Иногда, и довольно часто, я вставал рано. (Я спал на открытом воздухе на террасе, и яркие косые лучи утреннего солнца будили меня.) Я живо одевался, брал под мышку полотенце и книгу французского романа и шел купаться в реке в тени березника, который был в полверсте от дома. Там я ложился в тени на траве и читал, изредка отрывая глаза от книги, чтобы взглянуть на лиловатую в тени поверхность реки, начинающую колыхаться от утреннего ветра, на поле желтеющей ржи на том берегу, на светло-красный утренний свет лучей, ниже и ниже окрашивающий белые стволы берез, которые, прячась одна за другую, уходили от меня в даль чистого леса, и наслаждался сознанием в себе точно такой же свежей, молодой силы жизни, какой везде кругом меня дышала природа. Когда на небе были утренние серые тучки и я озябал после купанья, я часто без дороги отправлялся ходить по полям и лесам, с наслаждением сквозь сапоги промачивая ноги по свежей росе. В это время я живо мечтал о героях последнего прочитанного романа и воображал себя то полководцем, то министром, то силачом необыкновенным, то страстным человеком и с некоторым трепетом оглядывался беспрестанно кругом, в надежде вдруг встретить где-нибудь ее на полянке или за деревом. Когда в таких прогулках я встречал крестьян и крестьянок на работах, несмотря на то, что простой народ не существовал для меня, я всегда испытывал бессознательное сильное смущение и старался, чтоб они меня не видели. Когда уже становилось жарко, но дамы наши еще не выходили к чаю, я часто ходил в огород или сад есть все те овощи и фрукты, которые поспевали. И это занятие доставляло мне одно из главных удовольствий. Заберешься, бывало, в яблочный сад, в самую середину высокой, заросшей, густой малины. Над головой — яркое горячее небо, кругом — бледно-зеленая колючая зелень кустов малины, перемешанных с сорною заростью. Темно-зеленая крапива с тонкой цветущей макушкой стройно тянется вверх; разлапистый репейник с неестественно лиловыми колючими цветками грубо растет выше малины и выше головы и кое-где вместе с крапивою достает даже до развесистых бледно-зеленых ветвей старых яблонь, на которых наверху, в упор жаркому солнцу, зреют глянцевитые, как косточки, круглые, еще сырые яблоки. Внизу молодой куст малины, почти сухой, без листьев,
искривившись, тянется к солнцу; зеленая игловатая трава и молодой лопух, пробившись сквозь прошлогодний лист, увлаженные росой, сочно зеленеют в вечной тени, как будто и не знают о том, как на листьях яблони ярко играет солнце.

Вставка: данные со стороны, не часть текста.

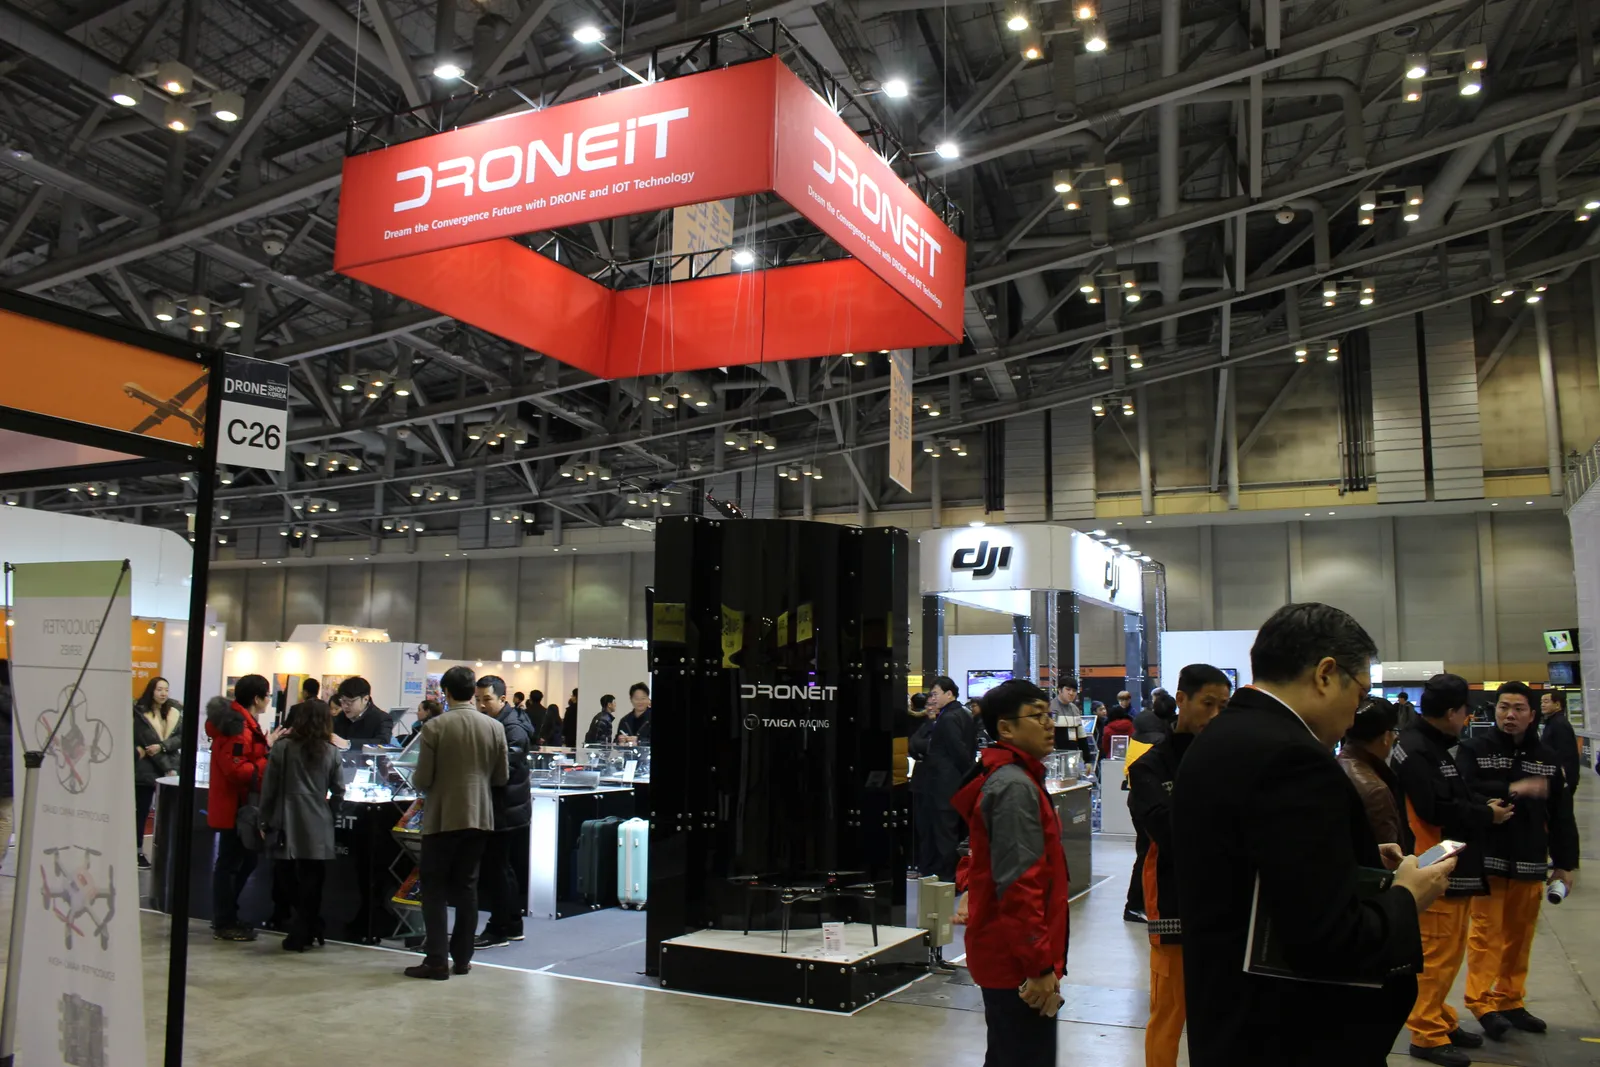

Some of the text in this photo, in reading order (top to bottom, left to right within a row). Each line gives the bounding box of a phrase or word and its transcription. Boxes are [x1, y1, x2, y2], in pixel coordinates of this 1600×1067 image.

[384, 171, 695, 240] Dream the Convergence Future with DRONE and IOT Technology
[807, 185, 826, 208] Dream
[826, 201, 836, 216] the
[836, 209, 867, 242] Convergence
[866, 235, 882, 255] Future
[881, 250, 892, 264] with
[891, 257, 907, 277] DRONE
[907, 271, 915, 284] and
[922, 284, 943, 309] Technology
[224, 377, 267, 396] DRONE
[267, 384, 287, 394] SHOW
[267, 391, 287, 400] KOREA
[227, 418, 281, 450] C26
[762, 718, 797, 728] TAIGA
[799, 719, 830, 728] RACING

В чаще этой всегда сыро, пахнет густой постоянной тенью, паутиной, падалью-яблоком, которое, чернея, уже валяется на прелой земле, малиной, иногда и лесным клопом, которого проглотишь нечаянно с ягодой и поскорее заешь другою. Подвигаясь вперед, спугиваешь воробьев, которые всегда живут в этой глуши, слышишь их торопливое чириканье и удары о ветки их маленьких быстрых крыльев, слышишь жужжание на одном месте жировой пчелы и где-нибудь по дорожке шаги садовника, дурачка Акима, и его вечное мурлыканье себе под нос. Думаешь себе: «Нет! ни ему, никому на свете не найти меня тут. », обеими руками направо и налево снимаешь с белых конических стебельков сочные ягоды и с наслаждением глотаешь одну за другою. Ноги, даже выше колен, насквозь мокры, в голове какой-нибудь ужаснейший вздор (твердишь тысячу раз сряду мысленно: и-и-и по-оо-о двад-ца-а-ать и-и-и по семь), руки и ноги сквозь промоченные панталоны обожжены крапивой, голову уже начинают печь прорывающиеся в чащу прямые лучи солнца, есть уже давно не хочется, а все сидишь в чаще, поглядываешь, послушиваешь, подумываешь и машинально обрываешь и глотаешь лучшие ягоды.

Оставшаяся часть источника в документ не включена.